Luckily, the framework through which to collaborate on energy
innovation is already in place. In 1979, soon after the United States and
China opened formal relations, the two nations signed the Science and
Technology Cooperation Agreement. 262 This agreement pledges
cooperation in a diverse range of fields including physics and chemistry,
earth and atmospheric sciences, health care and disease control, and a
variety of energy-related areas.263
In the face of the global challenges of climate change and energy
security, in 2008, the United States and China entered the Ten Year
Framework on Energy and Environment Cooperation, which, as the title
suggests, facilitates exchanges between the two countries to foster energy
innovation and environmental protection. 264 In November 2009, Presidents
Obama and Hu established the $150 million U.S.-China Energy Research
Center, which facilitates joint research and development on clean energy
technology by teams of scientists from the United States and China.265
Presidents Obama and Hu, in their Joint Statement in 2011, directly
address cooperation on climate change, energy, and the environment:
The United States and China agreed to continue their close
consultations on action to address climate change, coordinate to
achieve energy security for our peoples and the world, build on
existing clean energy cooperation, ensure open markets, promote
mutually beneficial investment in climate friendly energy,
encourage clean energy, and facilitate advanced clean energy
technology development.266
Each side reaffirmed their commitment to continue exchanges on “energy
policy and cooperation on oil, natural gas (including shale gas), civilian
nuclear energy, wind and solar energy, smart grid, advanced bio-fuels,
262.
U.S.–China: Thirty Years of Science and Technology Cooperation, Fact Sheet, U.S.

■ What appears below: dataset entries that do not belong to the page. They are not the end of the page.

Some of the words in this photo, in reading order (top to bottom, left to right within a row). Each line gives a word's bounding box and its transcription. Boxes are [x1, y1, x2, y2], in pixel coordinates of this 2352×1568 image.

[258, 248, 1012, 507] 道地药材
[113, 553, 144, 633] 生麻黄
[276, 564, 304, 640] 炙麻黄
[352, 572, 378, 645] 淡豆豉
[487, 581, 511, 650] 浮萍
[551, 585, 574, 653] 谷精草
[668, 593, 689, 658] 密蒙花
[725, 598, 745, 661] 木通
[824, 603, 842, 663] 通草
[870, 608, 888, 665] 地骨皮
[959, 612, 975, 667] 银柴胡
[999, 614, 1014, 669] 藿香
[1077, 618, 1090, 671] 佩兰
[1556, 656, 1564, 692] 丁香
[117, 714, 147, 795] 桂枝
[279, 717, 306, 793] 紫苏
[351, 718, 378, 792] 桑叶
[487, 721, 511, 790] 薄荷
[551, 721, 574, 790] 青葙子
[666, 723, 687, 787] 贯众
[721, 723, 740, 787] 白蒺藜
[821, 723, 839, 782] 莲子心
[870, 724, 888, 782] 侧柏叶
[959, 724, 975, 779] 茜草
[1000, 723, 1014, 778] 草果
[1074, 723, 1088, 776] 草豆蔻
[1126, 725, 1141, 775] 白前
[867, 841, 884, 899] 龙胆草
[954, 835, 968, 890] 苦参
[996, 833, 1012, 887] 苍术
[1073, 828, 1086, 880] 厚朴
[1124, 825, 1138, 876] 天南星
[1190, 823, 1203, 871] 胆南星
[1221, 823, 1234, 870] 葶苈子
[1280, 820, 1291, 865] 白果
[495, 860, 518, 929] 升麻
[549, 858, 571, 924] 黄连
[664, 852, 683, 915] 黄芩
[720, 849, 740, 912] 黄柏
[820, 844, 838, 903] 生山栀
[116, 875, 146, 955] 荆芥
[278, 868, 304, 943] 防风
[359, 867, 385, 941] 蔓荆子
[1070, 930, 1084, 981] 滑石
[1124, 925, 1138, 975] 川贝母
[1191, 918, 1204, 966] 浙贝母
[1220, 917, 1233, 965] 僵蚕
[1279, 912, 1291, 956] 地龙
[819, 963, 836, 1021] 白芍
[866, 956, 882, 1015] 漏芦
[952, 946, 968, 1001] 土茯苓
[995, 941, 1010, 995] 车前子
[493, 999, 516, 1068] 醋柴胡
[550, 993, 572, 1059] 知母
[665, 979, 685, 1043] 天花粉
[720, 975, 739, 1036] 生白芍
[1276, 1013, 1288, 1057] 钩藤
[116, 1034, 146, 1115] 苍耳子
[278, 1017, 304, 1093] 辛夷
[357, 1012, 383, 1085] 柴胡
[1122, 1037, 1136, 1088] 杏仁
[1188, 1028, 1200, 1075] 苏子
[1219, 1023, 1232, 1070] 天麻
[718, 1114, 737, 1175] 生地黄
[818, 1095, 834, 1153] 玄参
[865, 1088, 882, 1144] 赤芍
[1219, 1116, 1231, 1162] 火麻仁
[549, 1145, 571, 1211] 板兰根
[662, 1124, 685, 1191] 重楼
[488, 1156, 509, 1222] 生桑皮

DEP’T OF STATE (Oct. 15, 2009), http://www.state.gov/e/oes/rls/fs/2009/130625.htm.
263.
Id.
264.
U.S.- China Ten-Year Framework for Cooperation on Energy and Environment, U.S.
DEP'T OF STATE, http://www.state.gov/e/oes/eqt/tenyearframework/ (last visited Mar. 18, 2014).
265.
U.S.-China Clean Energy Research Center (CERC), Welcome to the U.S.-Clean Energy
Research Center, available at http://www.us-china-cerc.org (last visited Mar. 20, 2014).
266.
Press Release, supra note 242.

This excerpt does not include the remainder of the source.